[WHAT TO WORK ON]:
If an entry below contains an image, drop the image and retype the rest exactly.

[LISTED RECORDS]:

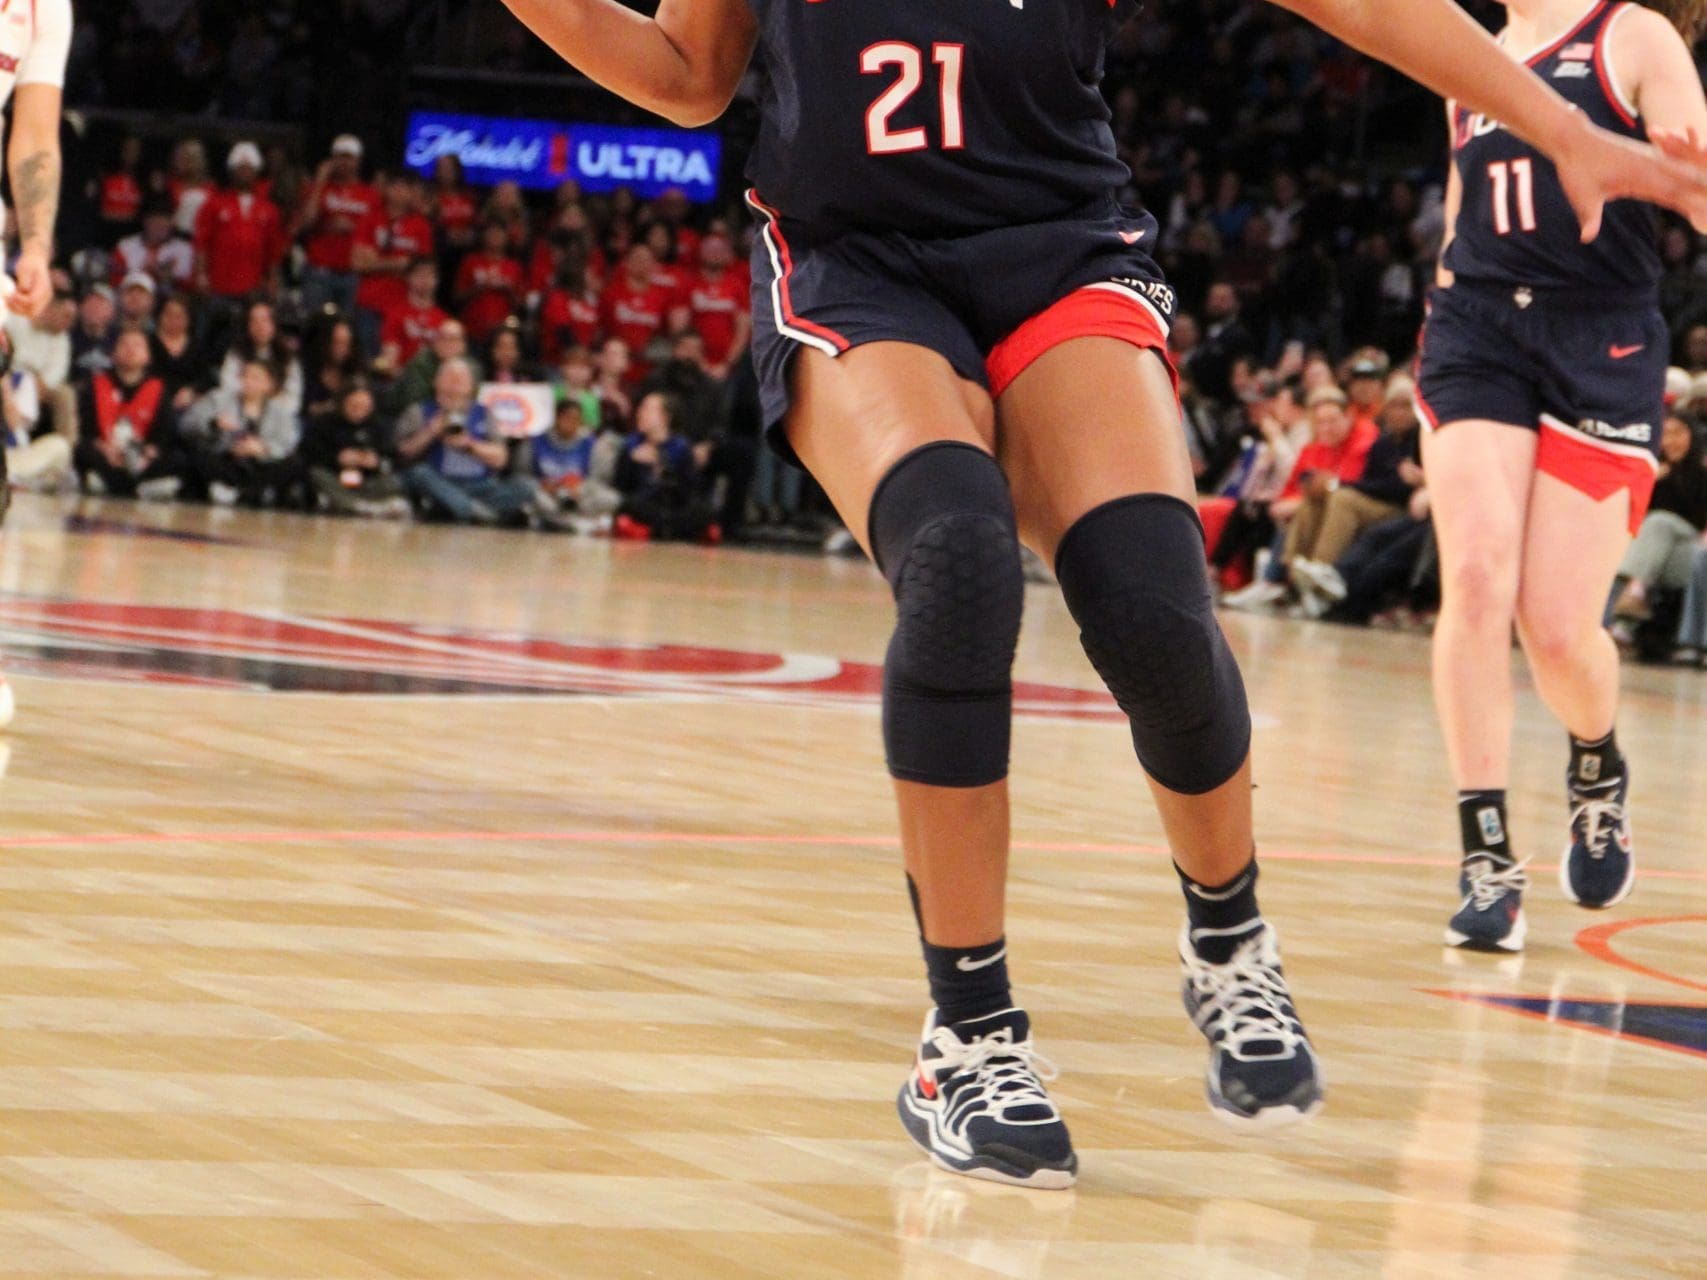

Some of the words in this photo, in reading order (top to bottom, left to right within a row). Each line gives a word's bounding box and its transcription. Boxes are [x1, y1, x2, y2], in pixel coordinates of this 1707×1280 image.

[859, 39, 966, 155] 21
[577, 140, 713, 185] ULTRA
[1488, 157, 1536, 237] 11
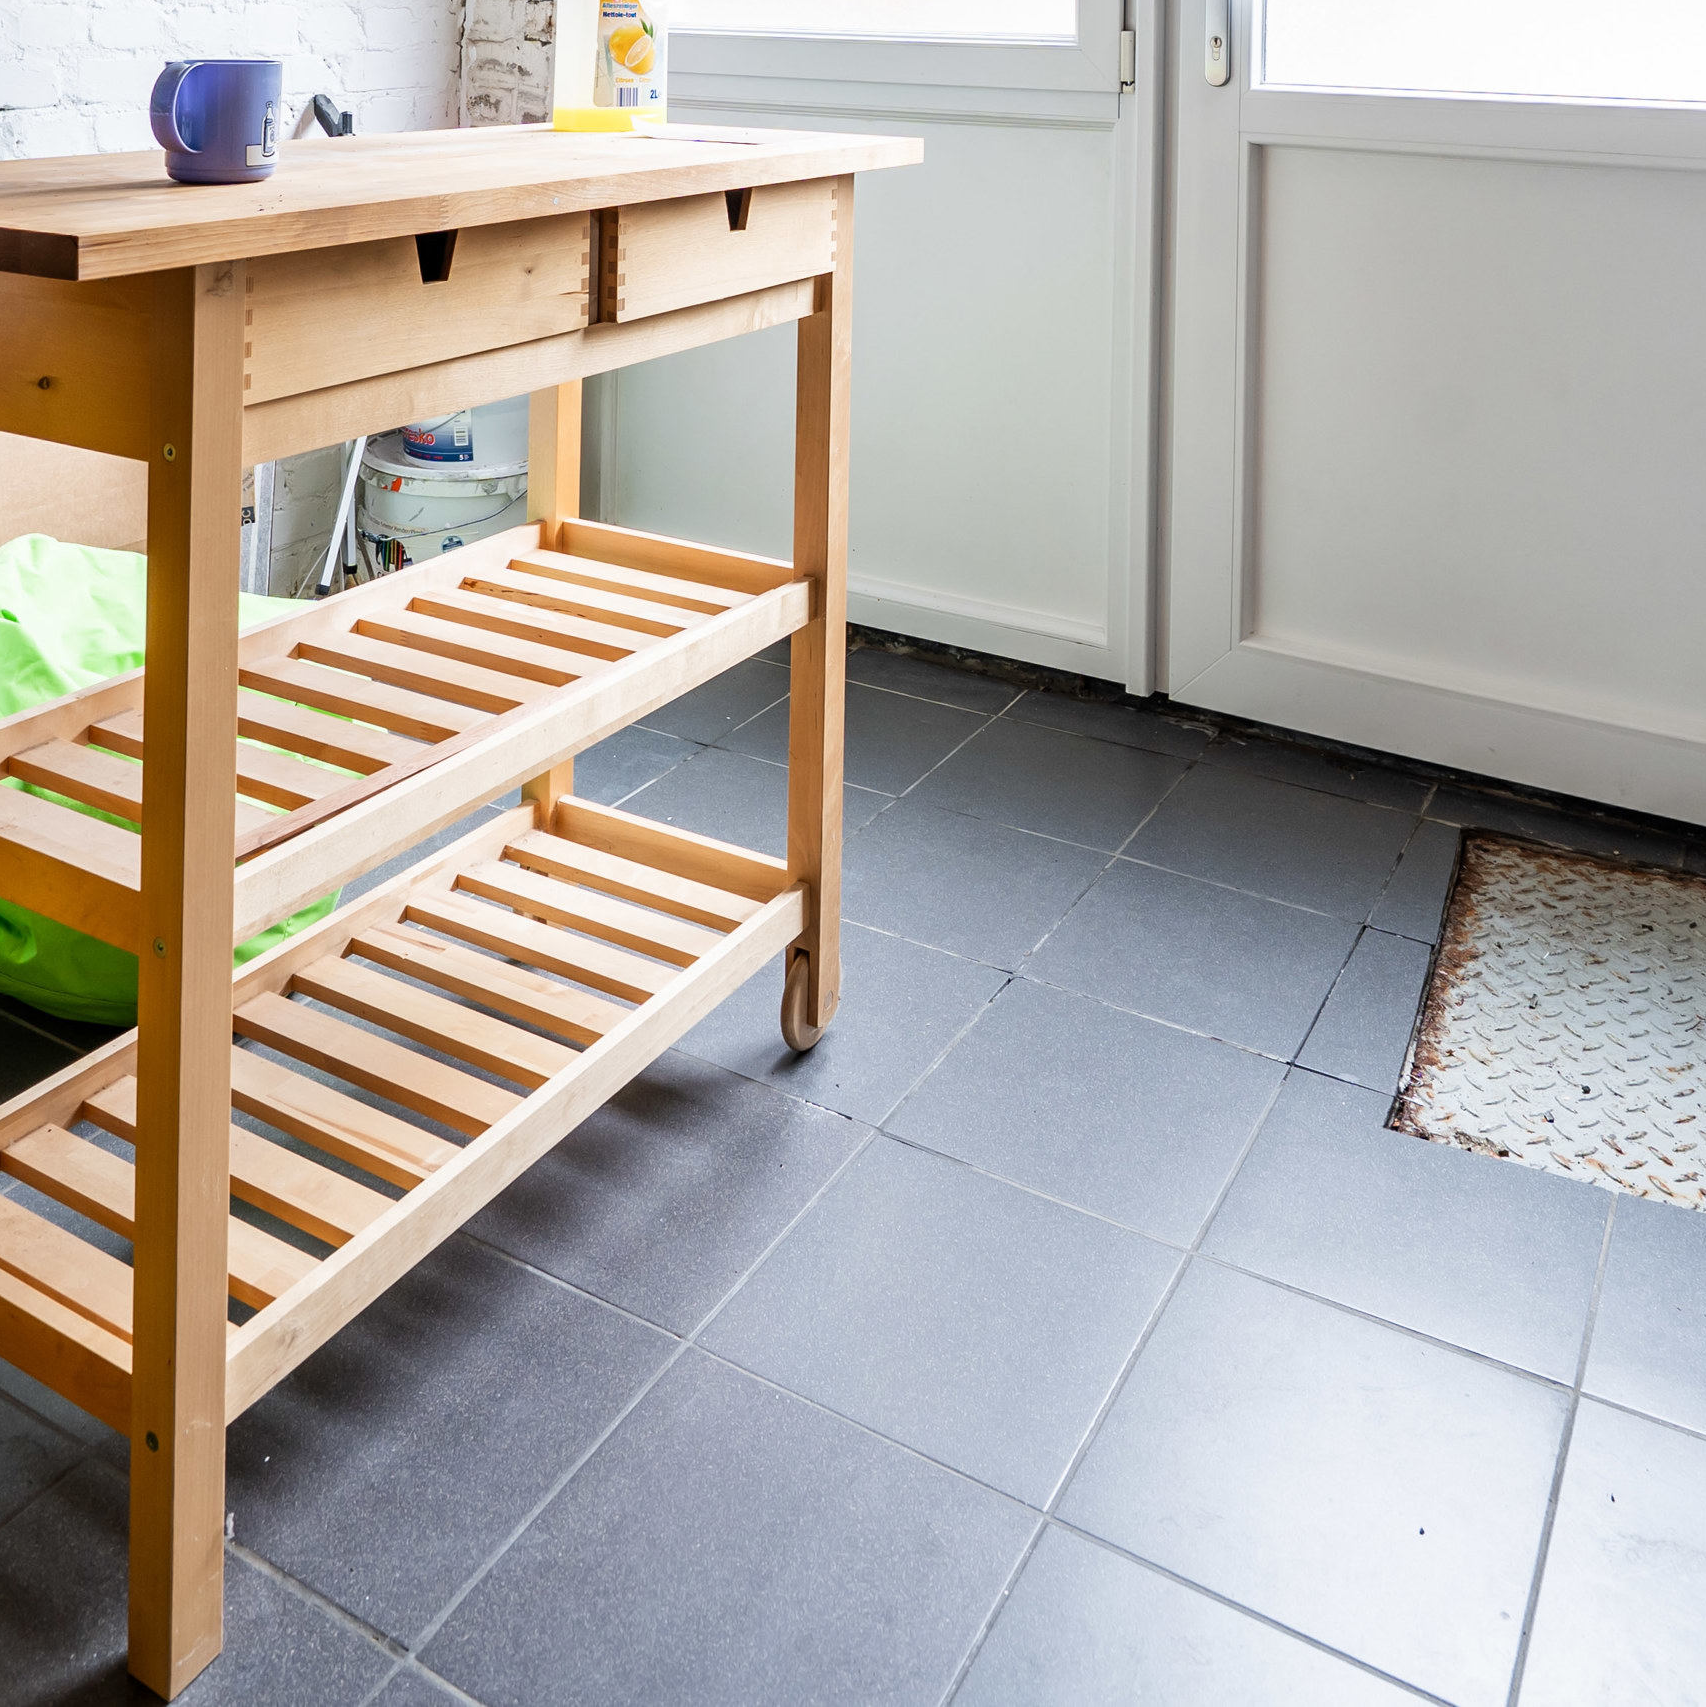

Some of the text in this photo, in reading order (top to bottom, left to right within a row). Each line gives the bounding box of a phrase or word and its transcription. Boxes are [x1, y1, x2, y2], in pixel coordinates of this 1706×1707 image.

[601, 1, 639, 11] Allesreiniger
[601, 10, 638, 20] Nettoie-tout
[649, 88, 660, 100] 2L

[WRITTEN SOLUTION]:
Some of the words in this photo, in reading order (top to bottom, left to right within a row). Each line gives a word's bounding box and its transcription. Boxes are [x1, y1, x2, y2], in pixel coordinates of this 1707×1280 image.

[859, 39, 966, 155] 21
[577, 140, 713, 185] ULTRA
[1488, 157, 1536, 237] 11

Some of the text in this photo, in reading order (top to bottom, left to right within a row). Each line gives the bounding box of a phrase or word and its transcription. Boxes are [x1, y1, x2, y2], in pixel coordinates of this 1706×1707 image.

[601, 1, 639, 11] Allesreiniger
[601, 10, 638, 20] Nettoie-tout
[649, 88, 660, 100] 2L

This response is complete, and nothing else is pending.